Google "BTRFS balance read only fs" - Id suspect most users are making these post because they are being redirected from a simple denial of a raid 1 disk removal to an attempted balance with DUP and maybe even single. Users are warned about small issues before command execution and preventatives to ensure data integrity. Being redirected from a small denial as per safety prevention to a possible ROFS while full because they attempted to rebalance their 2 disk raid............. that was most likely running out of space already.... attempting to be able to remove a disk..... See where this is going? This is a very likely scenario and its happening all the time according to search results. Their needs to be a 1% space left balance pause before telling the user its not safe to remove 1 of the 2 disks in a raid 1 that is pointing them in an even WORSE possible direction.
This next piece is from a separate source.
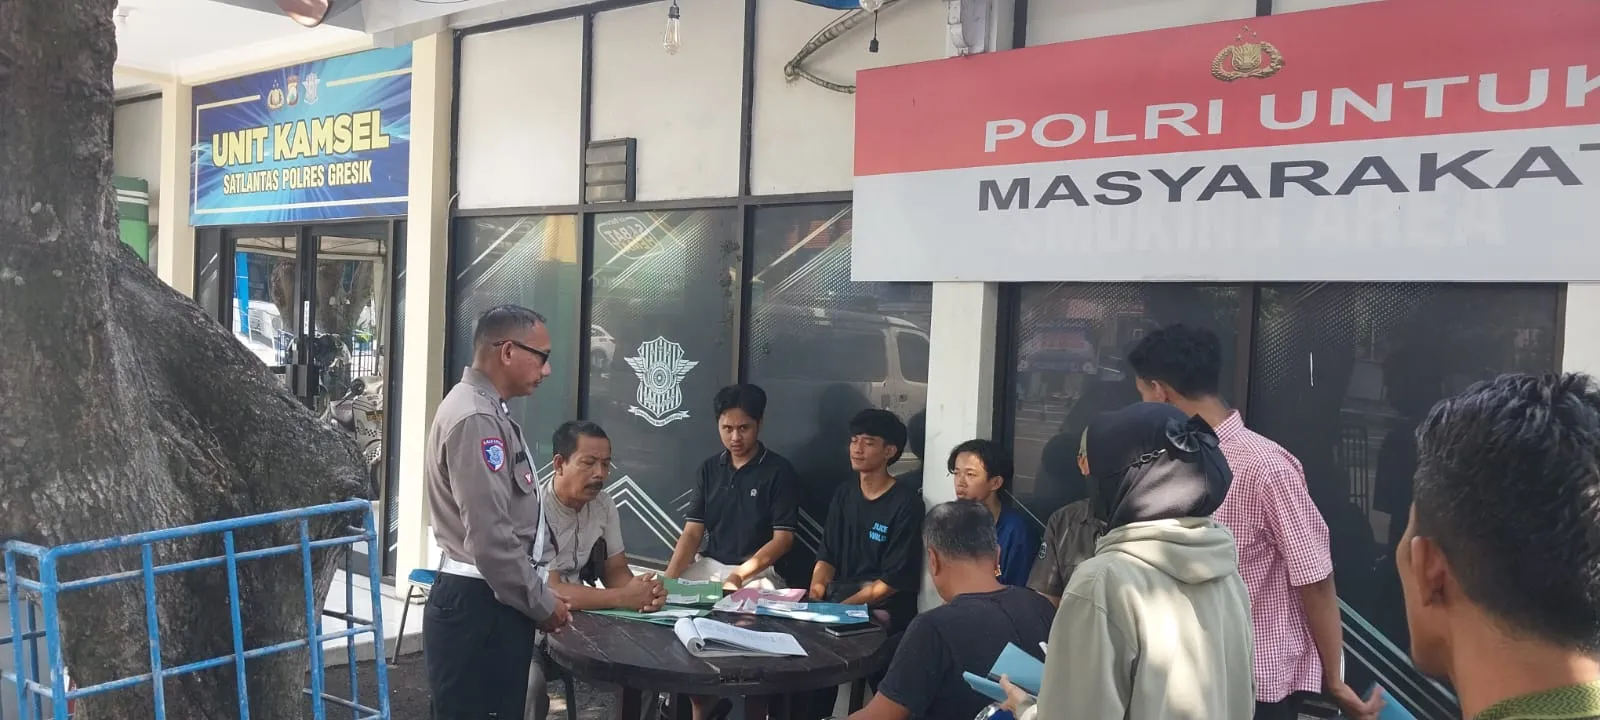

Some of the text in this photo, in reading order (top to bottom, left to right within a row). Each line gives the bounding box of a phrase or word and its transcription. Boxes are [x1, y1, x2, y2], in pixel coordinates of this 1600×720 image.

[211, 108, 391, 168] UNIT KAMSEL
[984, 98, 1223, 153] POLRI
[223, 160, 373, 195] SATLANTAS POLRES GRESIK
[978, 142, 1600, 212] MASYARAKA
This is EXTREMELY contradictory. BTRFS is an amazing file system but I think this needs to be resolved.
• GO BTRFS!, I LOVE YOU GUYS. (RAID1C3 , RAID1C4 IS AWSOME)
Thank you for all your hard work on BTRFS, it is truly the filesystem of the future. I felt I had to strongly express my opinion
about the denial of command execution for 2 disk raid 1. Don't take it to heart, I love BTRFS and I couldn't do what you guys do. I got my personal server sitting on some Bcache ram disks till you guys finally add a custom ram backed caching. This is just honest insight. Don't hate me.... or come to my house when I am sleeping at night. My wife is dangerous.